▶ **Required action**: Only the text of the records belongs in the answer; the pictures must be dropped.

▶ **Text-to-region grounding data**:
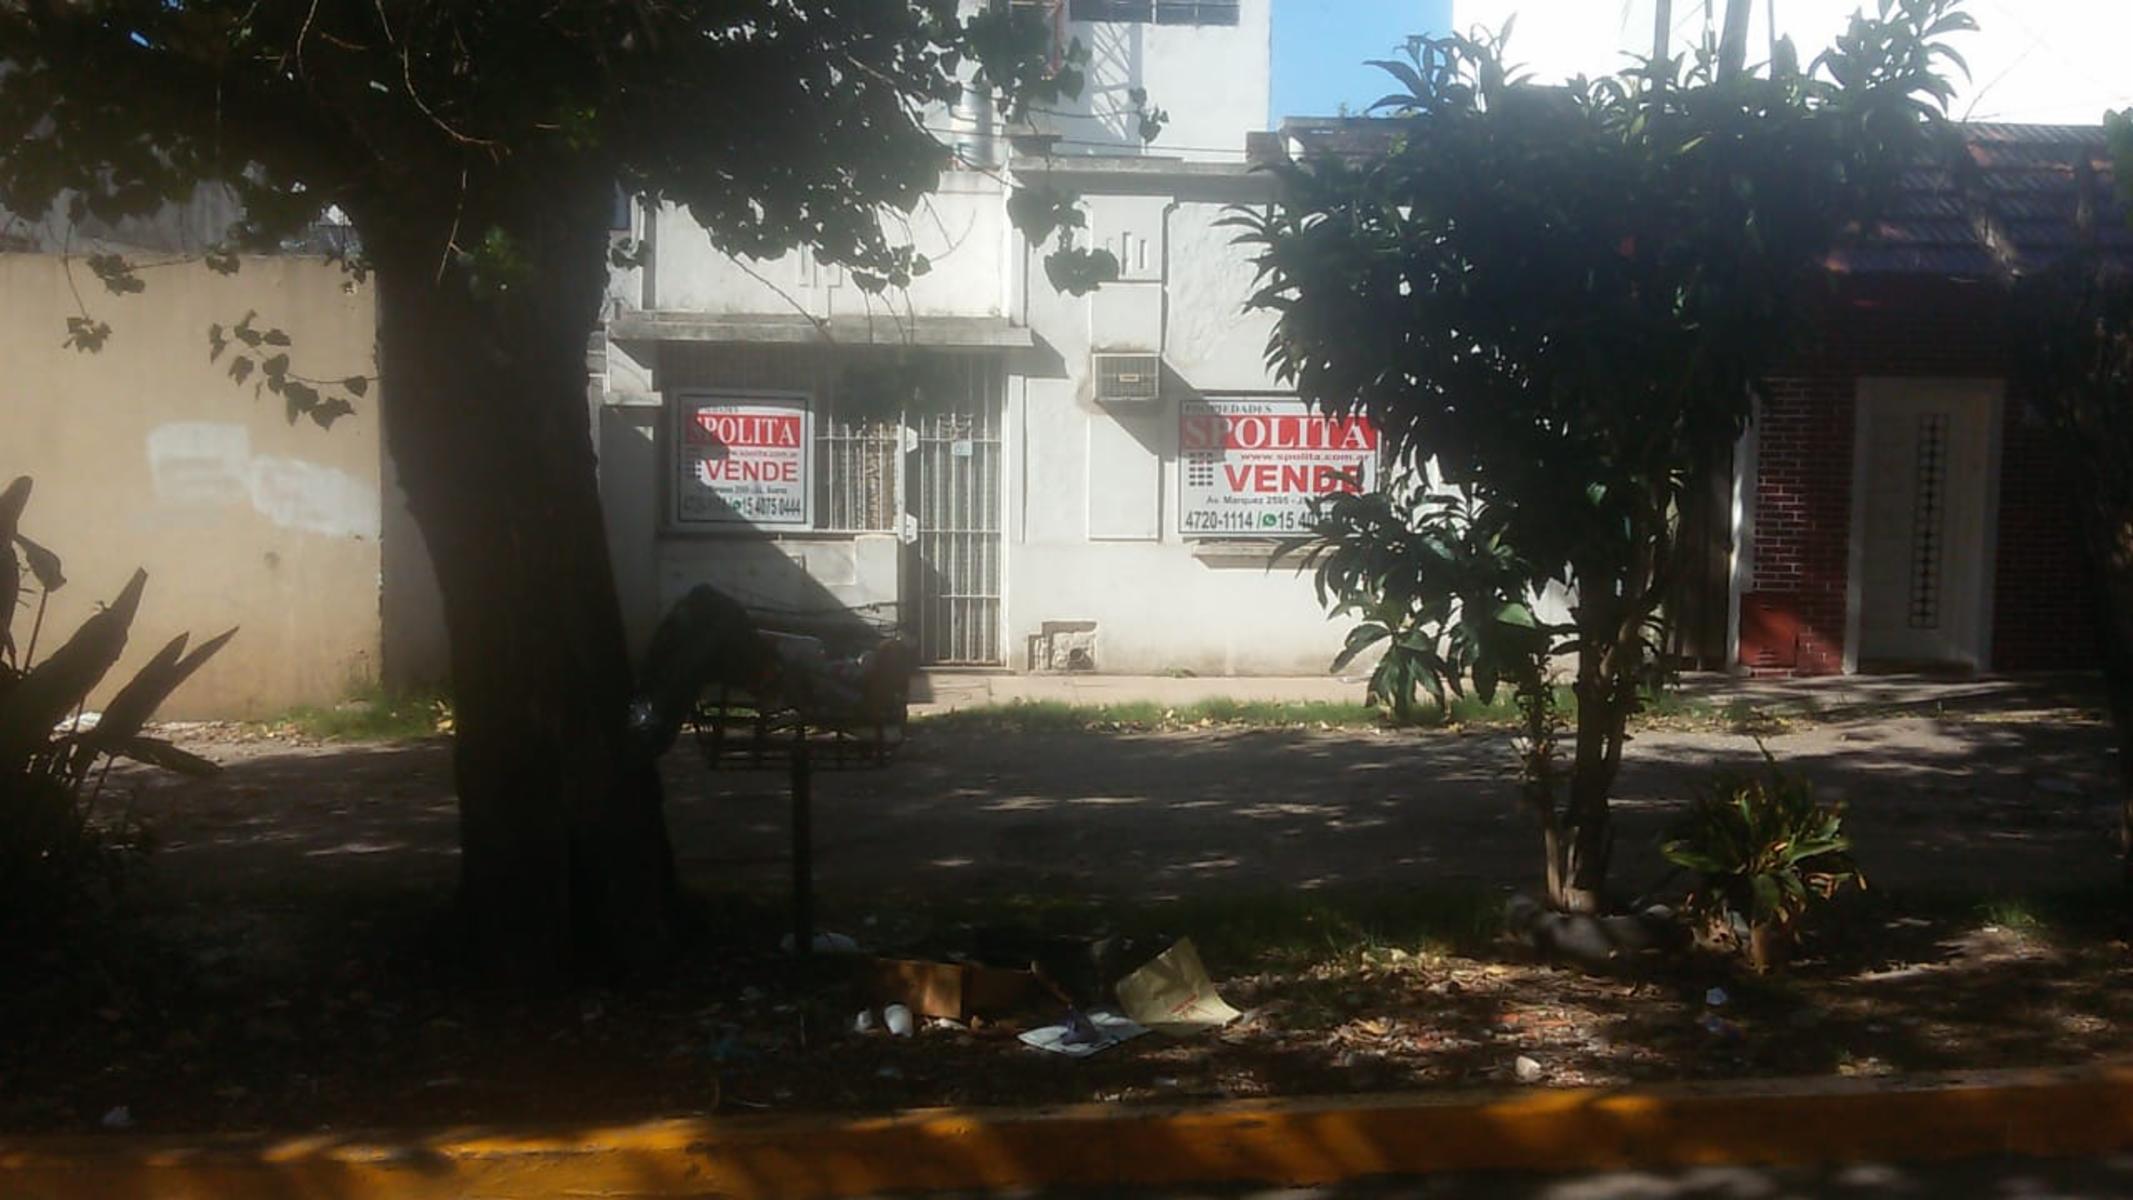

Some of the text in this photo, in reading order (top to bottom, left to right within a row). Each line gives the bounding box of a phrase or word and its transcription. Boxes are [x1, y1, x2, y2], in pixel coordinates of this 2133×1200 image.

[696, 416, 797, 446] POLITA
[1185, 417, 1370, 449] SPOLITA
[704, 458, 798, 482] VENDE
[1240, 453, 1371, 463] www.spolita.com.ar
[1223, 464, 1365, 493] VENDE
[1185, 510, 1253, 530] 4720-1114
[1278, 511, 1294, 530] 15

▶ **Reply**:
Some of the text in this photo, in reading order (top to bottom, left to right within a row). Each line gives the bounding box of a phrase or word and its transcription. Boxes are [x1, y1, x2, y2], in pixel coordinates of this 2133×1200 image.

[696, 416, 797, 446] POLITA
[1185, 417, 1370, 449] SPOLITA
[704, 458, 798, 482] VENDE
[1240, 453, 1371, 463] www.spolita.com.ar
[1223, 464, 1365, 493] VENDE
[1185, 510, 1253, 530] 4720-1114
[1278, 511, 1294, 530] 15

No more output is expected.